Am Abend fand im Bürgerhaus Geithain eine Veranstaltung der Friedrich-Ebert-Stiftung unter dem Titel "Rechtsextremismus in der Kommune - Analysen und Gegenstrategien" statt, gegen die ungefähr 20 Neonazis eine Kundgebung durchführten.

Die Kundgebung fand direkt vor dem Bürgerhaus statt und trug das zynische Motto "Für Tolerie und Demokranz". Damit richteten sich die Neonazis unmittelbar gegen die demokratische Zivilgesellschaft, die sich gegen Rassismus und Neonazismus positioniert. Anmelder war der NPD-Stadtrat Manuel Tripp.
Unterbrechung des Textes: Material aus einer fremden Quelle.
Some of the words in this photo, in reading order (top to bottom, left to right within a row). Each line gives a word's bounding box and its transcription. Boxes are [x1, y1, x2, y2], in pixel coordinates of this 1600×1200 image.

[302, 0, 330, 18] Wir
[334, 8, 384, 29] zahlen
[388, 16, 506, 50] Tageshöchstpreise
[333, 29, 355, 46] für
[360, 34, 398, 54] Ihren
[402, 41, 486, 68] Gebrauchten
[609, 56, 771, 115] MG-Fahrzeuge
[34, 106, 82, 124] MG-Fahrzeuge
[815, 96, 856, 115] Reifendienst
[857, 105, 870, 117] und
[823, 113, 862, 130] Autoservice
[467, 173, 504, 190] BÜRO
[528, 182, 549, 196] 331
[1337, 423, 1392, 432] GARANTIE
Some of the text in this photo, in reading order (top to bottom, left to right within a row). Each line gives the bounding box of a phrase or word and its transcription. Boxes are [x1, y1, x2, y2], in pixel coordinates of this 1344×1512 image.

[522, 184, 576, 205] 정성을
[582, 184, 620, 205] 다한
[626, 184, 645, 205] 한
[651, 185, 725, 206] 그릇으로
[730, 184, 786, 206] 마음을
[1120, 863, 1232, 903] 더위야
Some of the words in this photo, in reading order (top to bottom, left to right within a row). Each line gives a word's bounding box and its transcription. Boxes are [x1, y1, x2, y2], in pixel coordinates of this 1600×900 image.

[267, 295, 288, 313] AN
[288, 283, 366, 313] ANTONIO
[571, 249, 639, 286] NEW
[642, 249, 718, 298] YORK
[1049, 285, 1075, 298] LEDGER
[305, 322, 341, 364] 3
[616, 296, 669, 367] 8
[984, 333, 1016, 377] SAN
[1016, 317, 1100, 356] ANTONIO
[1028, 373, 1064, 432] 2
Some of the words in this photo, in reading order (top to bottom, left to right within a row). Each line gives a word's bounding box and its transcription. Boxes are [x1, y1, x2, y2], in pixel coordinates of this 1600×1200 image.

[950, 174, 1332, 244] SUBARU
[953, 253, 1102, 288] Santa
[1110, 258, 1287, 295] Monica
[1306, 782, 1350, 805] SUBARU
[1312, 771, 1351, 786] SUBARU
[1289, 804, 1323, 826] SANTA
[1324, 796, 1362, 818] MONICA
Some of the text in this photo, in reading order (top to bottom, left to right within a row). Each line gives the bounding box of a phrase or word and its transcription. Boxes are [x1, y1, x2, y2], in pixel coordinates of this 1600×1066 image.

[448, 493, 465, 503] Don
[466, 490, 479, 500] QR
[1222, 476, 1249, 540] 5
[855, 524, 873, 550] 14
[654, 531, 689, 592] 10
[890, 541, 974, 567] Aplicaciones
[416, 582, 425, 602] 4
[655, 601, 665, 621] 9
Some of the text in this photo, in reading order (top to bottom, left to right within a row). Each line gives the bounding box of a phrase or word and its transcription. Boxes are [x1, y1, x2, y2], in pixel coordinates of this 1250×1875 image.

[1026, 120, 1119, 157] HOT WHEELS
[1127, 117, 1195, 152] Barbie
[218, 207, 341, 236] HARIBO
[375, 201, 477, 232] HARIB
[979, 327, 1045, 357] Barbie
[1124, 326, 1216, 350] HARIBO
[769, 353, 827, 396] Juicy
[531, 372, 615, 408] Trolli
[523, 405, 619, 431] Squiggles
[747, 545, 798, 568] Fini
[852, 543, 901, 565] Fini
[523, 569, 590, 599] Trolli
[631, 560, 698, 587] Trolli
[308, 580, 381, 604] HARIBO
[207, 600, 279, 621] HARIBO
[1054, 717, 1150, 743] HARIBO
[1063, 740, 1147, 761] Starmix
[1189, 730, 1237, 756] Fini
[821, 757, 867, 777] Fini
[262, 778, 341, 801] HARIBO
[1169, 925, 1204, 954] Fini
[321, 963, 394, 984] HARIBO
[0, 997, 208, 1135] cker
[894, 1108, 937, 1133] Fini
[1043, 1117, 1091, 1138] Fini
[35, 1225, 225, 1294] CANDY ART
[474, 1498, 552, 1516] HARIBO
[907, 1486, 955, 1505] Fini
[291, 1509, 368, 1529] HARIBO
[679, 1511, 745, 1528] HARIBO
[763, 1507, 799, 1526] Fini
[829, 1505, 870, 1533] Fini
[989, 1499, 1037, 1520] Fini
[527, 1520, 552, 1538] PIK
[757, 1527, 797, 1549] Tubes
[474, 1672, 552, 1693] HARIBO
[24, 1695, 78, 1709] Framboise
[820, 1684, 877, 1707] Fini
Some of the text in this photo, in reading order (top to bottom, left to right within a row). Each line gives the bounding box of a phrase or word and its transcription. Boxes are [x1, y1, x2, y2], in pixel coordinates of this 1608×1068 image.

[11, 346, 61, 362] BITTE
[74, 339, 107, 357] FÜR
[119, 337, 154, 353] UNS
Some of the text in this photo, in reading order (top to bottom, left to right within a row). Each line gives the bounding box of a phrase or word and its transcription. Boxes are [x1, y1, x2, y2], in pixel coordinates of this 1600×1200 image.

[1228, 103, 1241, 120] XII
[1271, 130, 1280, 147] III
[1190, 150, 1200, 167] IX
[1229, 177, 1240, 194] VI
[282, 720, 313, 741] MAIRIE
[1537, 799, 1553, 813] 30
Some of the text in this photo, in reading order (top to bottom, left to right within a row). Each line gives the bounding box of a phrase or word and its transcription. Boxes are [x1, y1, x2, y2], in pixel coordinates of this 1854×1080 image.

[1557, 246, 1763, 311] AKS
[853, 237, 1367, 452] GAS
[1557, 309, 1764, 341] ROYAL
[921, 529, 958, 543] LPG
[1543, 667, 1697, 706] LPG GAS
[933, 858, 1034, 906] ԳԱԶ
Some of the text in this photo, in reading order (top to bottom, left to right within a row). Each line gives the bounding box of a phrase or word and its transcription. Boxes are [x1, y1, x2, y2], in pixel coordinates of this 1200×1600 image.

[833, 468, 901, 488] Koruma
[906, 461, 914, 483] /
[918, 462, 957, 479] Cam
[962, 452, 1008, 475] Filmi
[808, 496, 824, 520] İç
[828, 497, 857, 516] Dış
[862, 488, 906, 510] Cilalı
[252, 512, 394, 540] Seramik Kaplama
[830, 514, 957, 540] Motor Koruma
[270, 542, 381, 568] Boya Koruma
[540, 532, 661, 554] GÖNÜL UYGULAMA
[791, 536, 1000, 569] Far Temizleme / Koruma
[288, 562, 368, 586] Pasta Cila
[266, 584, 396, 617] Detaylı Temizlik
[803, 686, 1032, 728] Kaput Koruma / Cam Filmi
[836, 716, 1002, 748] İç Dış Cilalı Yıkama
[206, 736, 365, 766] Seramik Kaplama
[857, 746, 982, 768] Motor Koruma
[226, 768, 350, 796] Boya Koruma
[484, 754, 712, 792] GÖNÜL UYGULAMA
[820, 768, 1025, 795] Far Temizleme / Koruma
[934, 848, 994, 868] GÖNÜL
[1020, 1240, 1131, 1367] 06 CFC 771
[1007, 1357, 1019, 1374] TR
Die ca. 20 Neonazis waren relativ bunt gekleidet, zudem hatten sie Schilder und T-Shirts mit Sprüchen wie "Für gegen gegen gegen gegen Nazis", "Masse statt Elite" und "Deutsche nehmen Ausländern die Arbeitsplätze weg" sowie "Gegen Unterfremdung".

In einem "Aktionsvideo" der Kundgebung aus dem Umfeld des neonazistischen "FN Geithain" wird auf die Internetseite des "Netzwerk für Tolerie & Demokranz" verwiesen, hinter dem führende Nazi-Kader aus Mecklenburg-Vorpommern stehen, so David Petereit (stellvertretender Vorsitzende der NPD sowie NPD-Landtagsmitarbeiter), Enrico Hamisch (Mitarbeiter im Wahlkreisbüro des NPD-Landtagsabgeordneten Tino Müller) und Alexander Wendt (Vorstandsmitglied der NPD).

Quelle: 

Netzwerk Naunhof, Twittermeldungen des neonazistischen "FN Geithain"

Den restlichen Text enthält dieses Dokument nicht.